## To do
The result should consist solely of the line containing "this 1920×1280 image." and the lines that follow it below, each reproduced exactly, the last line included.

Text-to-region grounding data
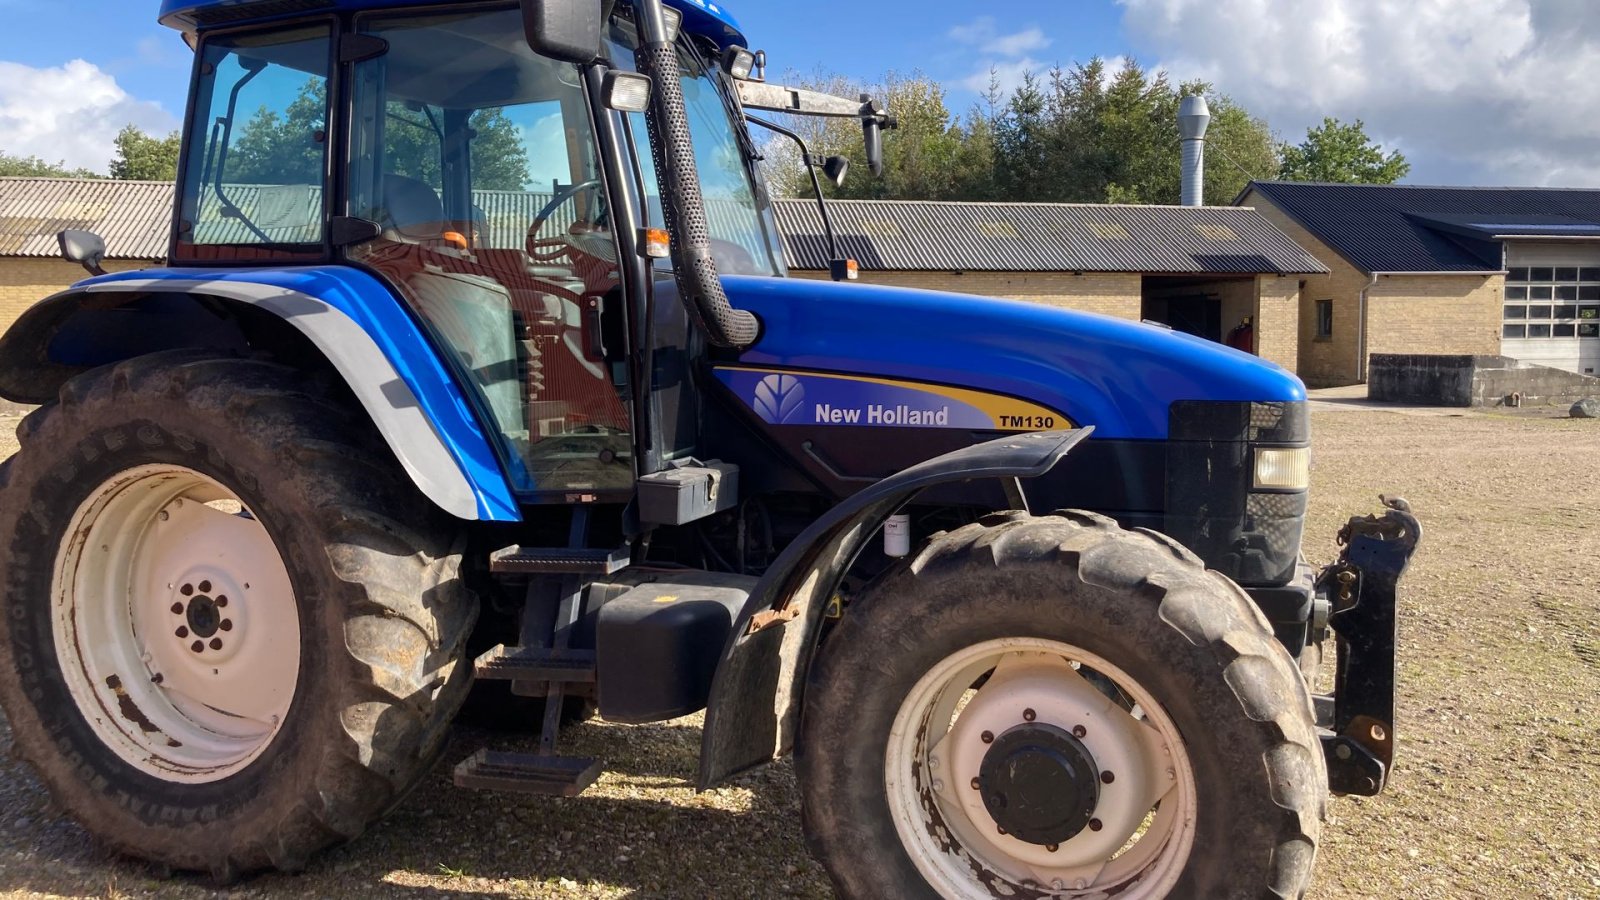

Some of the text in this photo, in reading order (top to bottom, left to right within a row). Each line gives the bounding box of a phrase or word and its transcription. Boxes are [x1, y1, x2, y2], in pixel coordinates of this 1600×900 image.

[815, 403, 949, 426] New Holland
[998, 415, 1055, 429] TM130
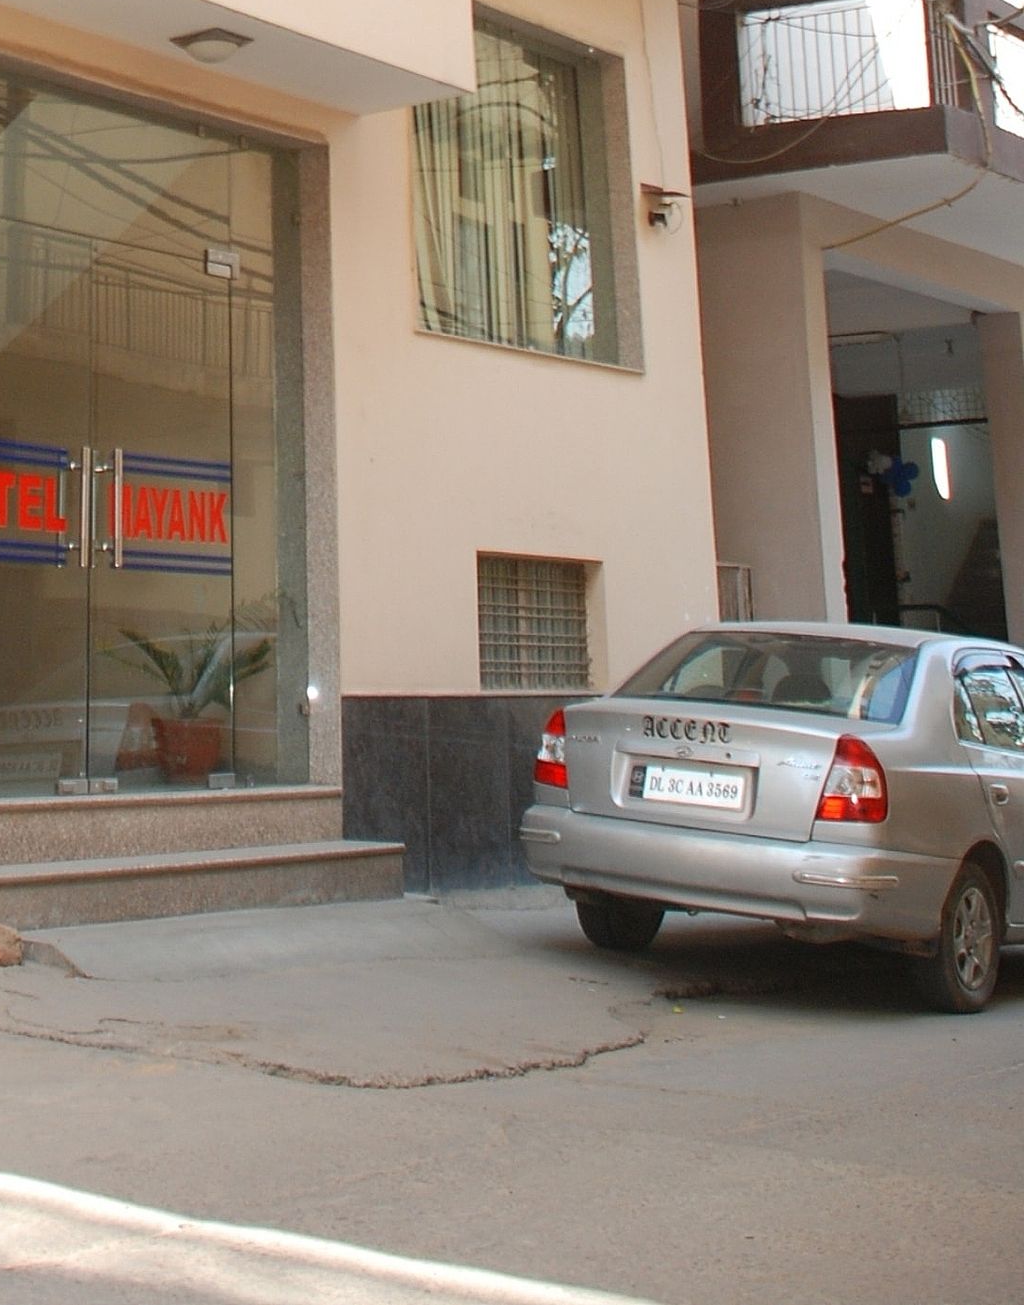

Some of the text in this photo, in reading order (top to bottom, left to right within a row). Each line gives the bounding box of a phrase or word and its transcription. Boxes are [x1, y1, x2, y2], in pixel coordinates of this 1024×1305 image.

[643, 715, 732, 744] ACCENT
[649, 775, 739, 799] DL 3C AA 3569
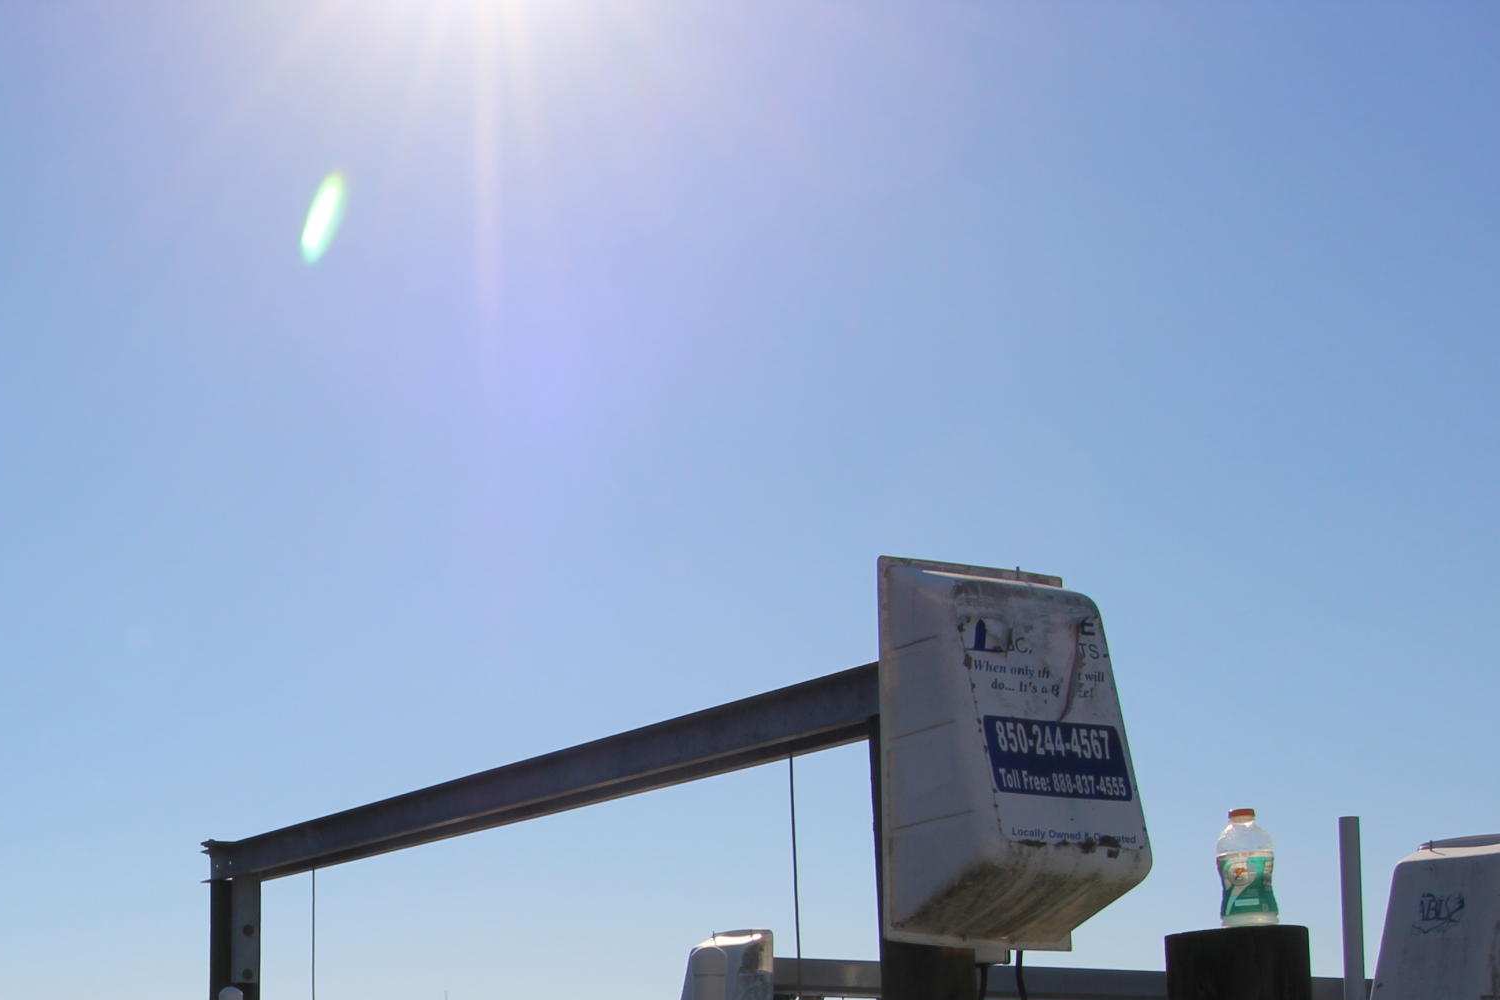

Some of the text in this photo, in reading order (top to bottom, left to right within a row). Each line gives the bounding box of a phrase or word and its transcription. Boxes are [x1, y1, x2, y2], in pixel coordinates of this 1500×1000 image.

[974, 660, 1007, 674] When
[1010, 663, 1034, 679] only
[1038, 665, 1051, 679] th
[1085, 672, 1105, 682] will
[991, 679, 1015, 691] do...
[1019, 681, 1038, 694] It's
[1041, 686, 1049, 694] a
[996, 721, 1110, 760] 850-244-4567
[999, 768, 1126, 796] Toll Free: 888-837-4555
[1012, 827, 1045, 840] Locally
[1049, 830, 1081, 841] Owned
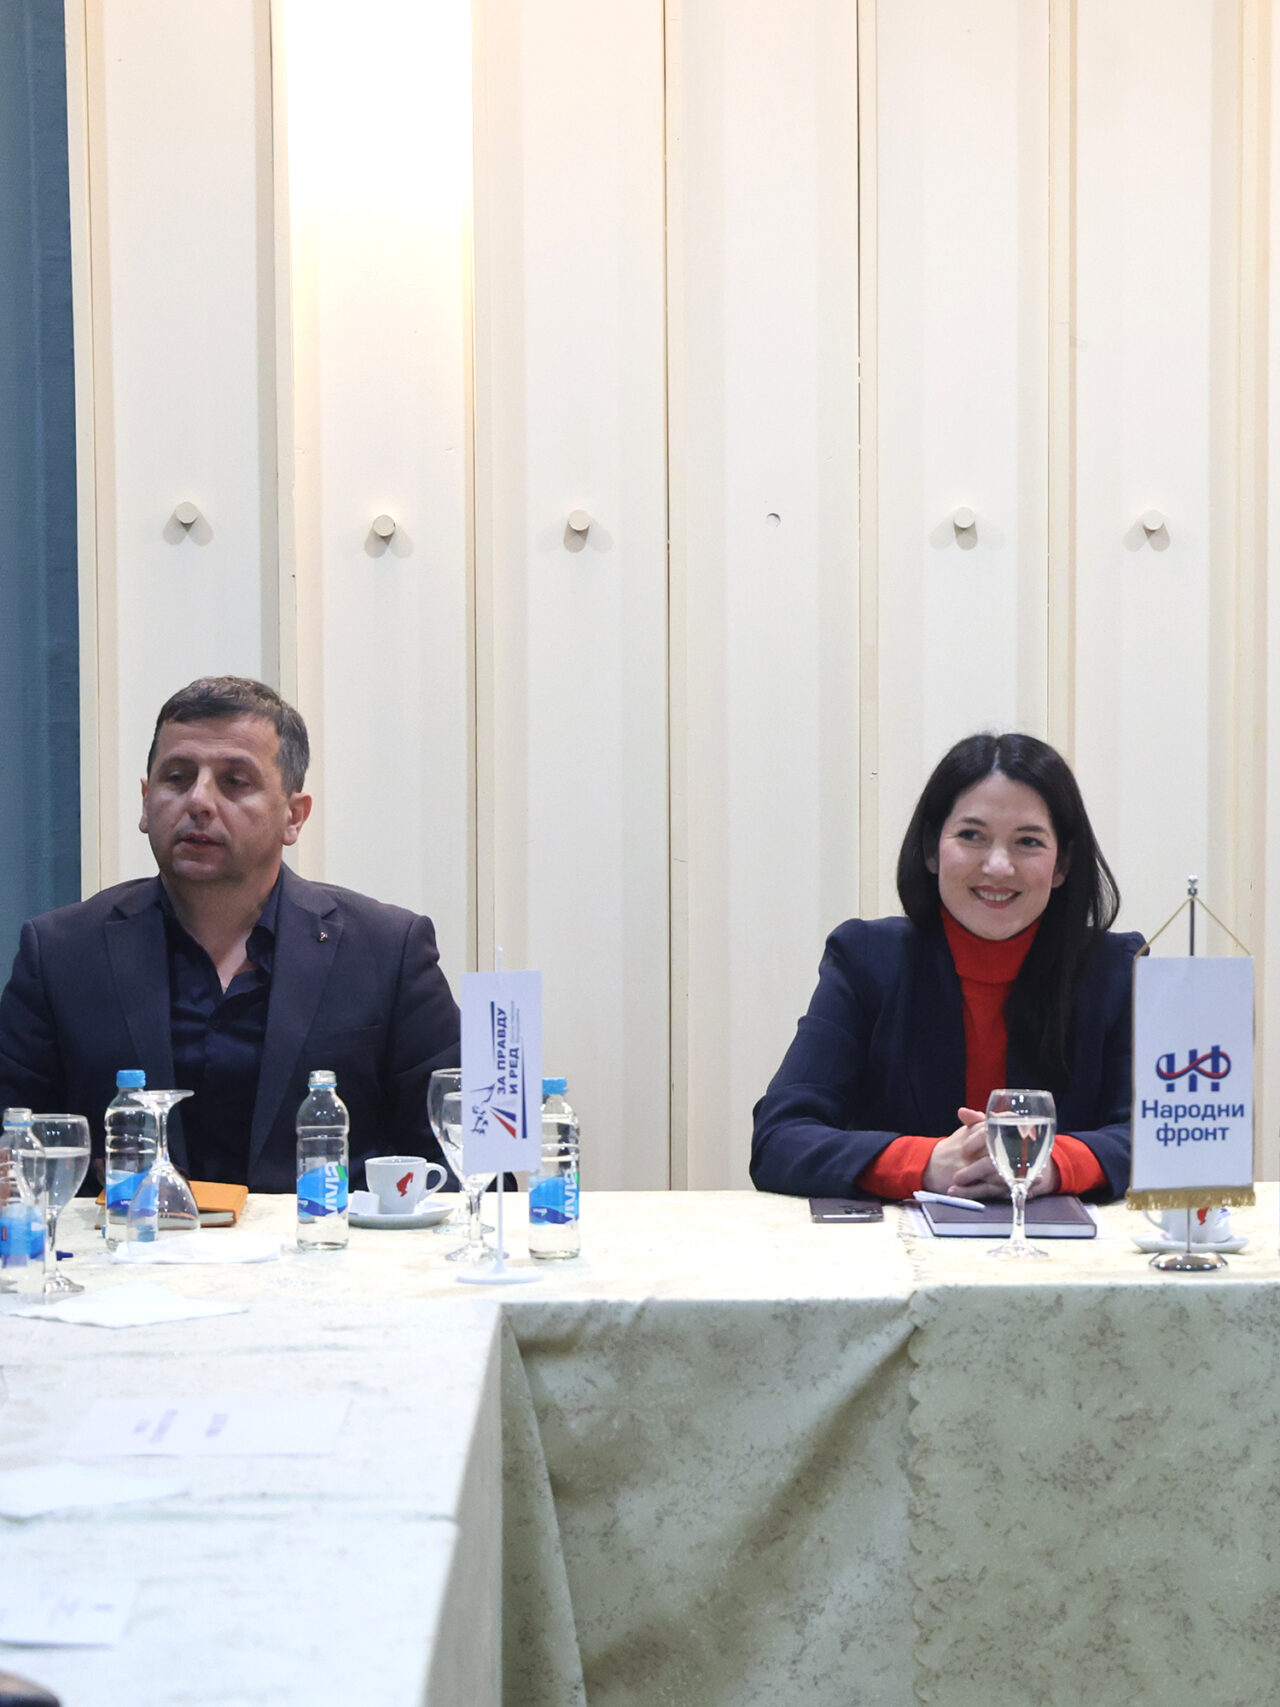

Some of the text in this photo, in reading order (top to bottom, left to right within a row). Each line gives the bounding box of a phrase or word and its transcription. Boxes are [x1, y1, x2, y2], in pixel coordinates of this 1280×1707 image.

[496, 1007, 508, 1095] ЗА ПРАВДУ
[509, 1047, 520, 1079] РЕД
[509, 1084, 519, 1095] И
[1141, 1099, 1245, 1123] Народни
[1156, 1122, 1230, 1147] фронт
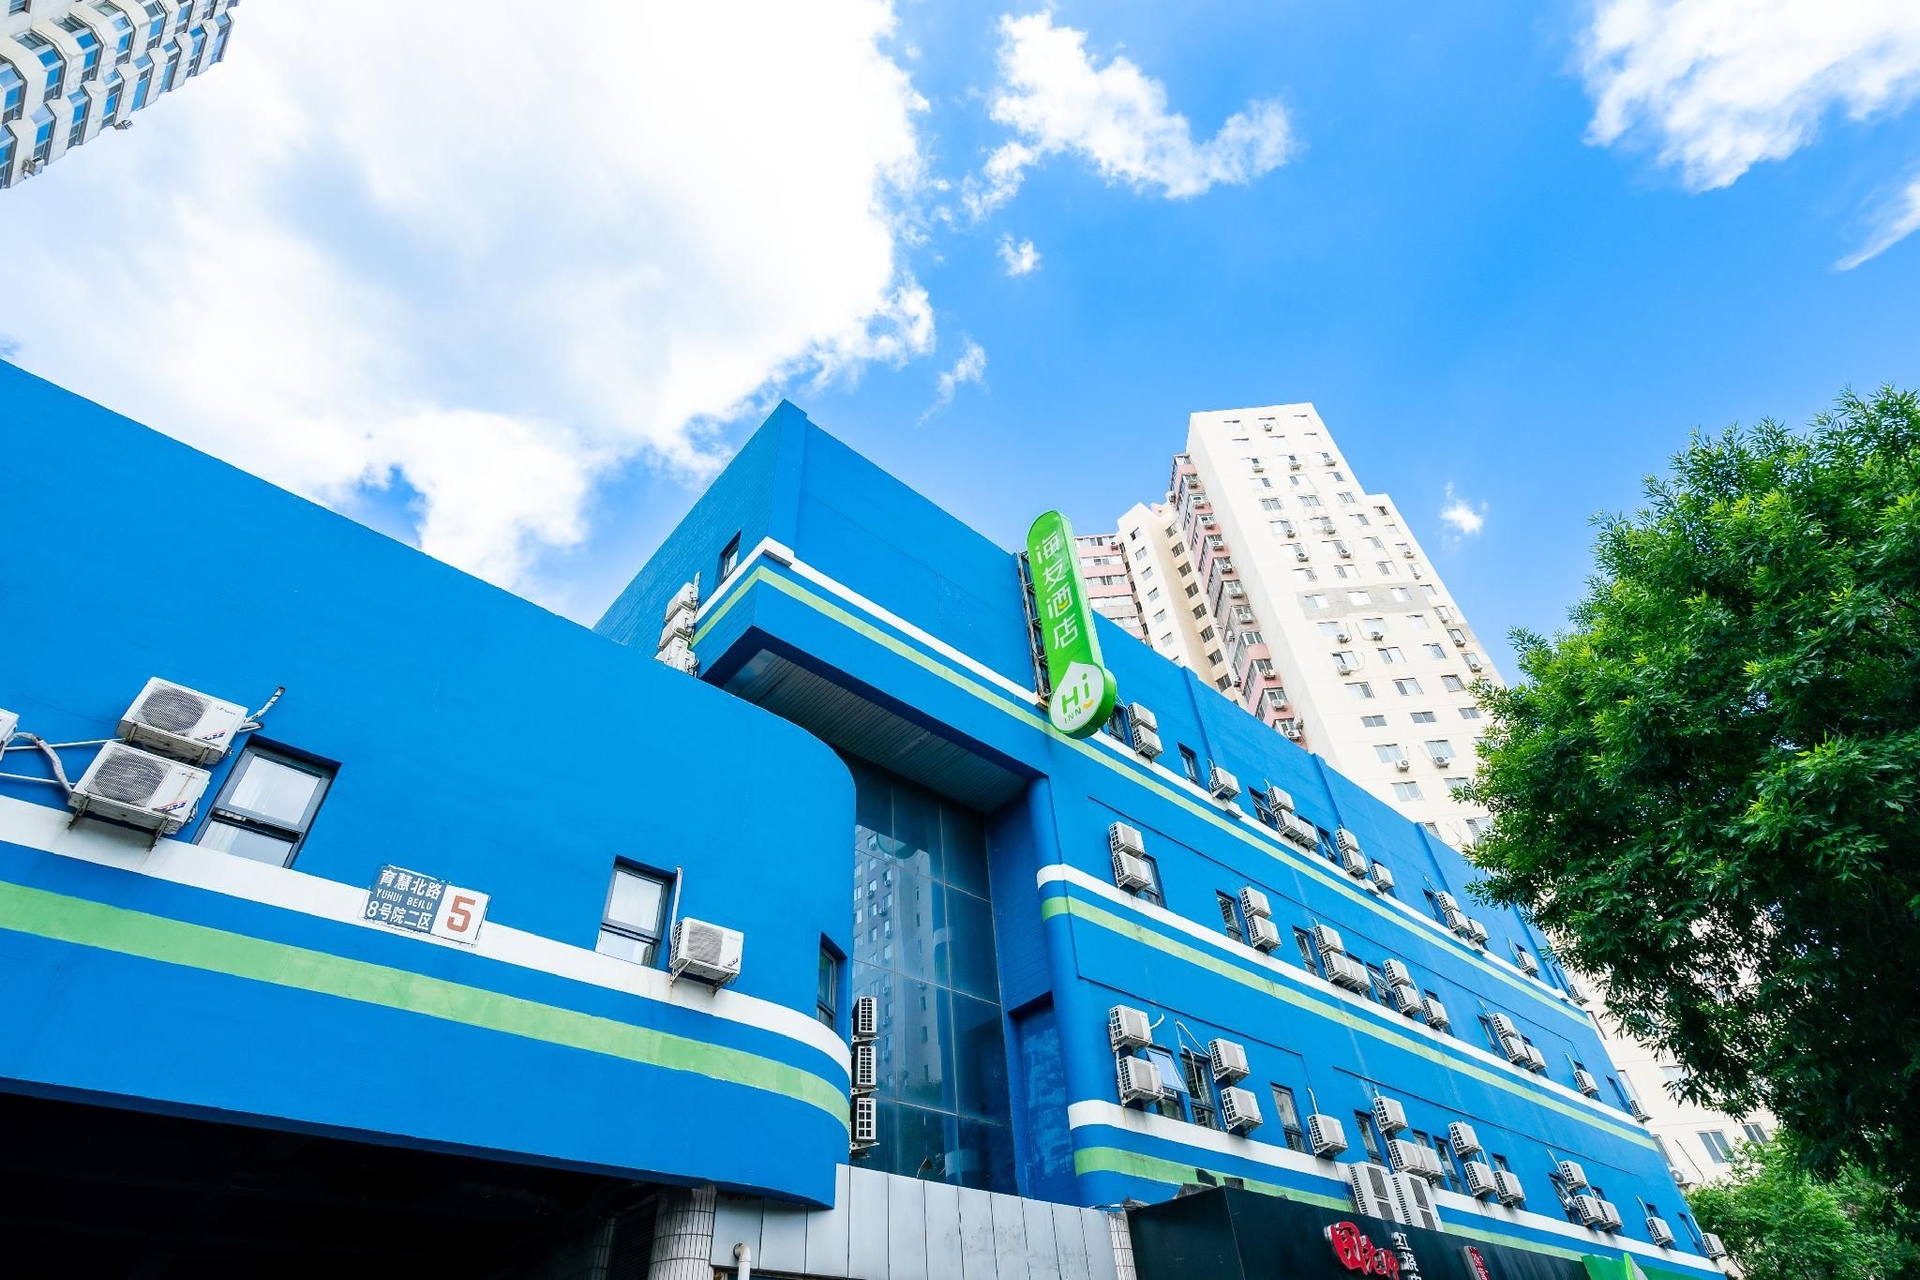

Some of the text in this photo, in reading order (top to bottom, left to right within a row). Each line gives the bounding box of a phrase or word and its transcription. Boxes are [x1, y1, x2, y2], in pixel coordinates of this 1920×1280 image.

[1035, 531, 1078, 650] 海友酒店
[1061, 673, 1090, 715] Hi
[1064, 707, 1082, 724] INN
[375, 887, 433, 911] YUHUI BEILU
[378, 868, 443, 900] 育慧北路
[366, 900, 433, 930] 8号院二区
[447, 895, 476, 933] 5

## Solution to this problem
Some of the text in this photo, in reading order (top to bottom, left to right within a row). Each line gives the bounding box of a phrase or word and its transcription. Boxes are [x1, y1, x2, y2], in pixel coordinates of this 1920×1280 image.

[1035, 531, 1078, 650] 海友酒店
[1061, 673, 1090, 715] Hi
[1064, 707, 1082, 724] INN
[375, 887, 433, 911] YUHUI BEILU
[378, 868, 443, 900] 育慧北路
[366, 900, 433, 930] 8号院二区
[447, 895, 476, 933] 5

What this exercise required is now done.